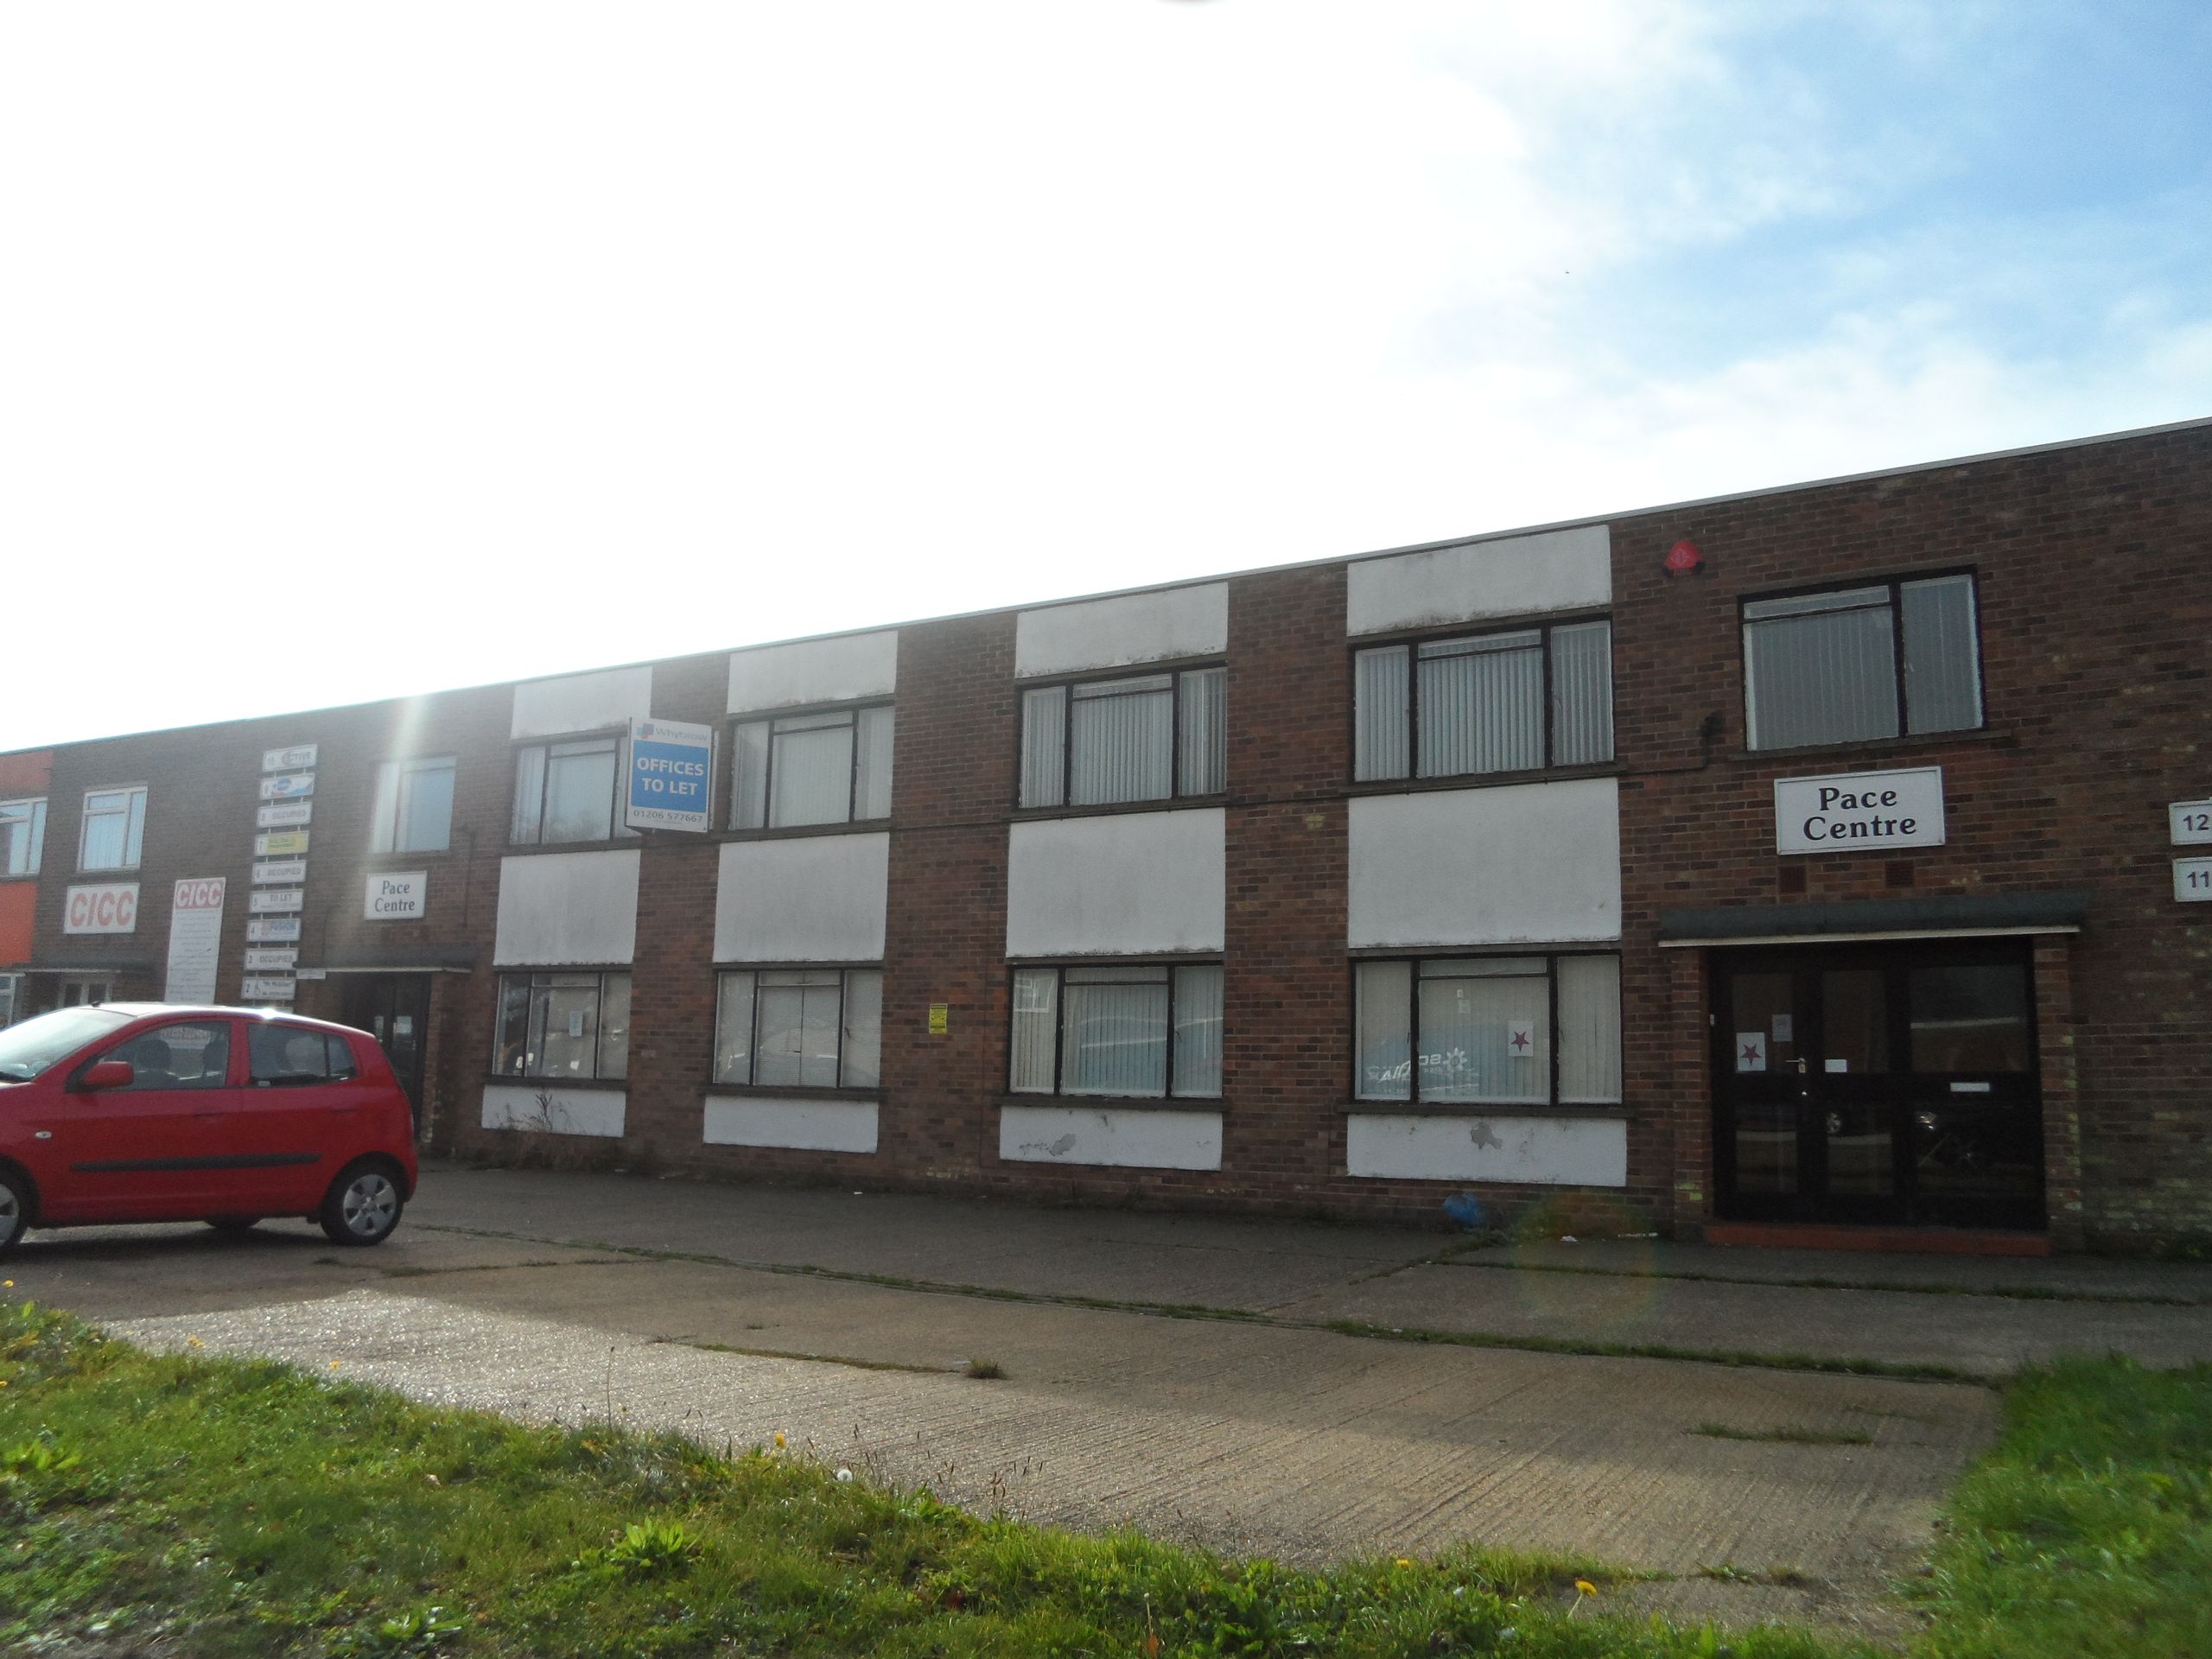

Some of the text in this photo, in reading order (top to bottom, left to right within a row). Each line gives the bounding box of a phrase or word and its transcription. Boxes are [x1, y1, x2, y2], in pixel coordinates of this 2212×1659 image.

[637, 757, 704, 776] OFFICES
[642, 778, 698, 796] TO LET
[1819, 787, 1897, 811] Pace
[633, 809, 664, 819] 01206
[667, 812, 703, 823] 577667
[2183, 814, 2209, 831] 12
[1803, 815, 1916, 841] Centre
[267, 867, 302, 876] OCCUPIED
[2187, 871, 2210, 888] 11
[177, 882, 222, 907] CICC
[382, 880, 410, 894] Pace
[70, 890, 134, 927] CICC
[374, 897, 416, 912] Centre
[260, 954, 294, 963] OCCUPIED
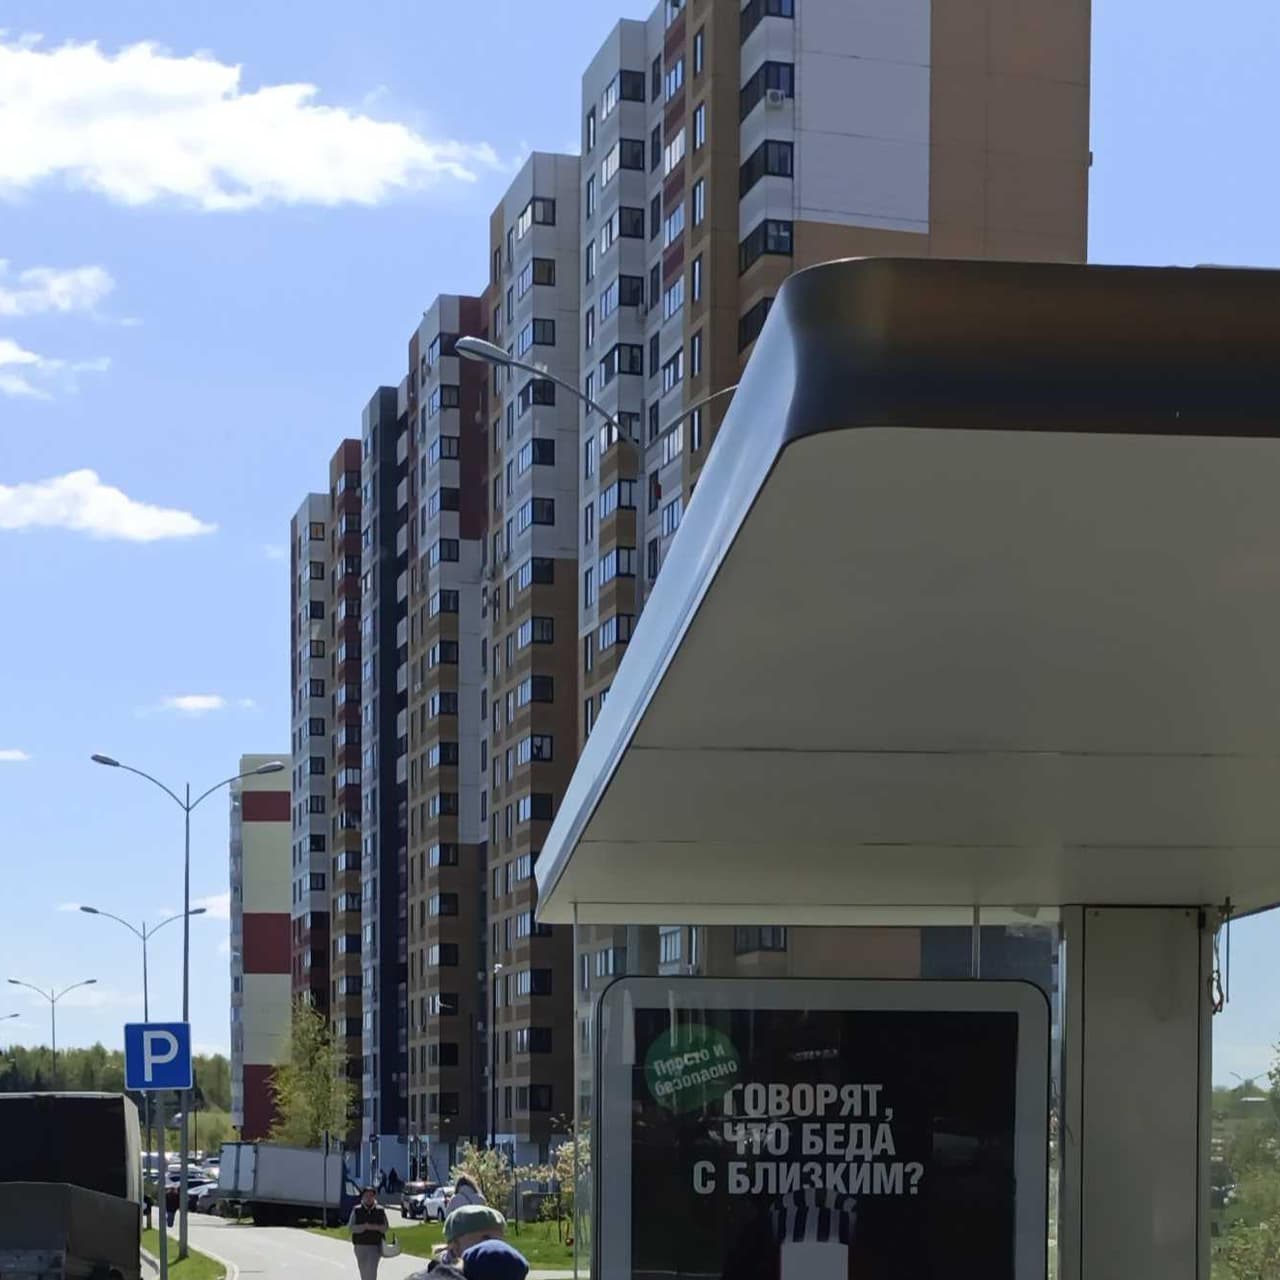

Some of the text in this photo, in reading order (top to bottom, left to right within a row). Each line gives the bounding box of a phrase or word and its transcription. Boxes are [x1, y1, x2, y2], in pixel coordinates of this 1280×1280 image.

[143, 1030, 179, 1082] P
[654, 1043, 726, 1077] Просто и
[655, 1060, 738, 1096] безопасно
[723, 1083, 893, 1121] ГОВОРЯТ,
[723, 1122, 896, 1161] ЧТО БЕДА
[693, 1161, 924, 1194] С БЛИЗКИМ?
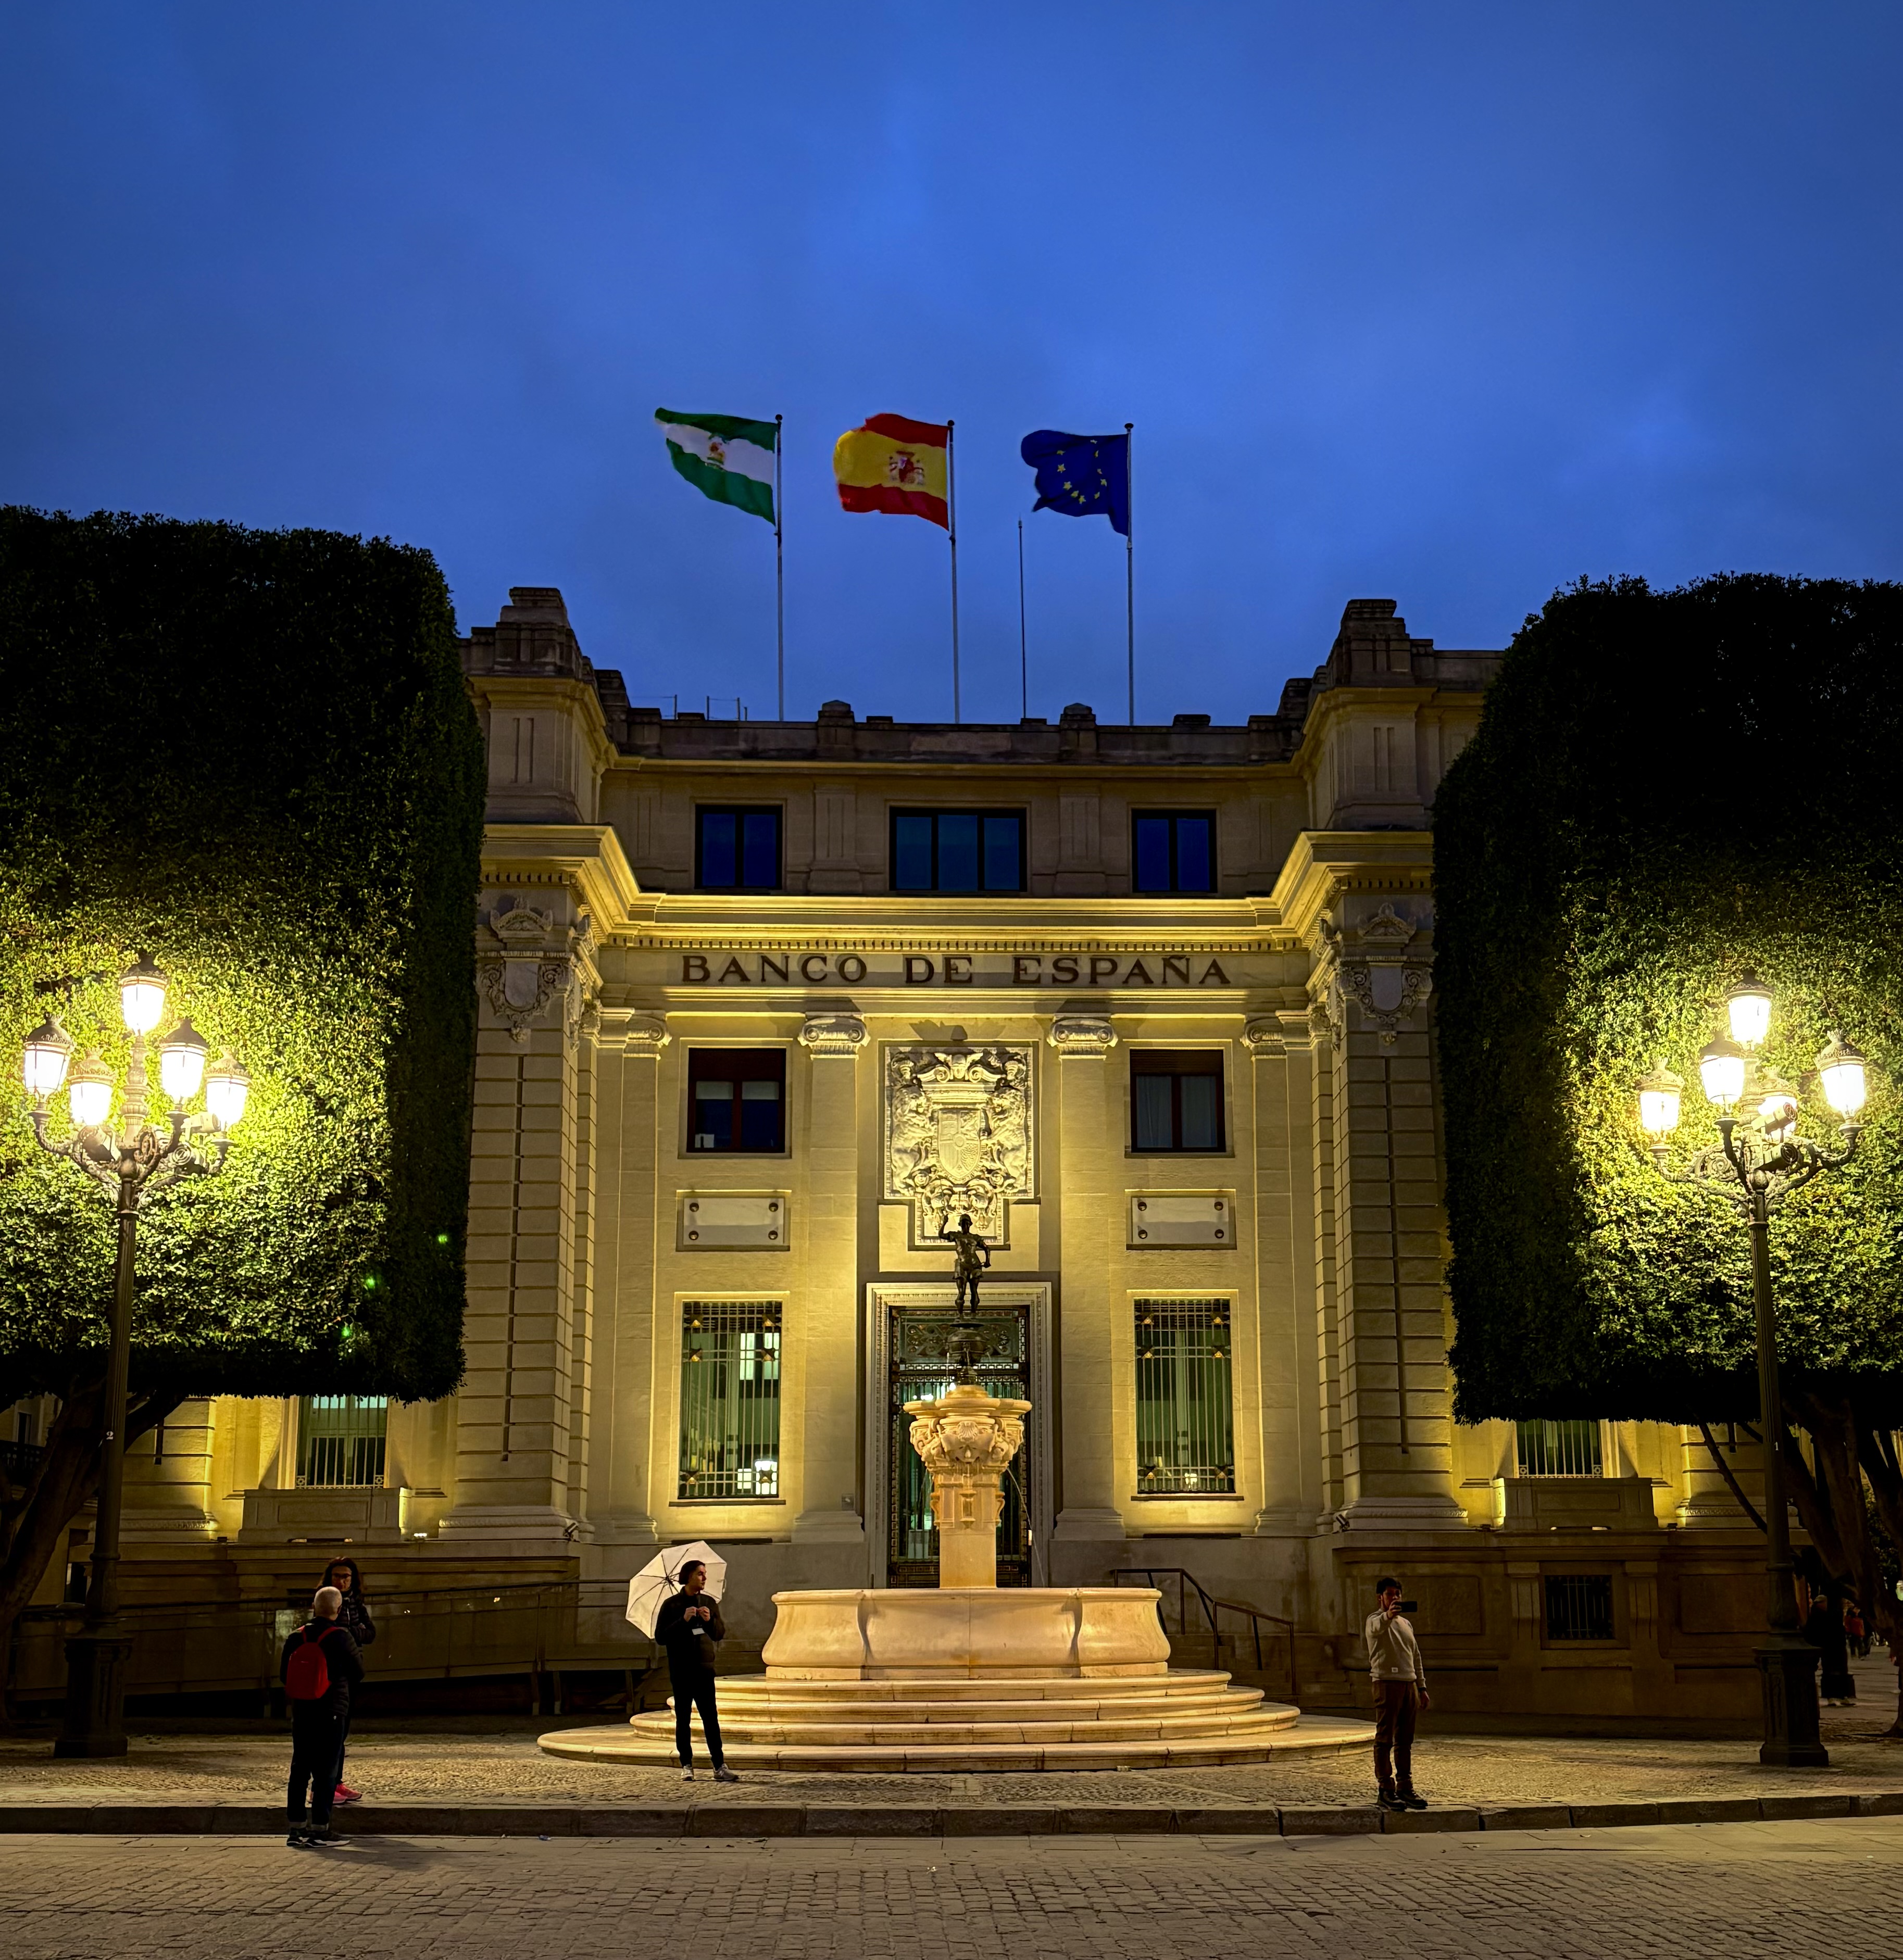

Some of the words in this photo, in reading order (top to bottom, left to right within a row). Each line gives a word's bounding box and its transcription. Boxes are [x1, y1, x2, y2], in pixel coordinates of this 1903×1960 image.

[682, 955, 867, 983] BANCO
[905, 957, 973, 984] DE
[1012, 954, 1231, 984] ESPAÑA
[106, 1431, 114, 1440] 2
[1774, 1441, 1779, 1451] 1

····················

▸ **REQUIRED WORK**: Leave out the pictures and output every record above precisely as given.

▸ **ANSWER TO THE EXERCISE**:
Some of the text in this photo, in reading order (top to bottom, left to right within a row). Each line gives the bounding box of a phrase or word and its transcription. Boxes are [x1, y1, x2, y2], in pixel coordinates of this 2212×1659 image.

[637, 757, 704, 776] OFFICES
[642, 778, 698, 796] TO LET
[1819, 787, 1897, 811] Pace
[633, 809, 664, 819] 01206
[667, 812, 703, 823] 577667
[2183, 814, 2209, 831] 12
[1803, 815, 1916, 841] Centre
[267, 867, 302, 876] OCCUPIED
[2187, 871, 2210, 888] 11
[177, 882, 222, 907] CICC
[382, 880, 410, 894] Pace
[70, 890, 134, 927] CICC
[374, 897, 416, 912] Centre
[260, 954, 294, 963] OCCUPIED

Some of the text in this photo, in reading order (top to bottom, left to right within a row). Each line gives the bounding box of a phrase or word and its transcription. Boxes are [x1, y1, x2, y2], in pixel coordinates of this 1280×1280 image.

[143, 1030, 179, 1082] P
[654, 1043, 726, 1077] Просто и
[655, 1060, 738, 1096] безопасно
[723, 1083, 893, 1121] ГОВОРЯТ,
[723, 1122, 896, 1161] ЧТО БЕДА
[693, 1161, 924, 1194] С БЛИЗКИМ?

Some of the words in this photo, in reading order (top to bottom, left to right within a row). Each line gives a word's bounding box and its transcription. Boxes are [x1, y1, x2, y2], in pixel coordinates of this 1903×1960 image.

[682, 955, 867, 983] BANCO
[905, 957, 973, 984] DE
[1012, 954, 1231, 984] ESPAÑA
[106, 1431, 114, 1440] 2
[1774, 1441, 1779, 1451] 1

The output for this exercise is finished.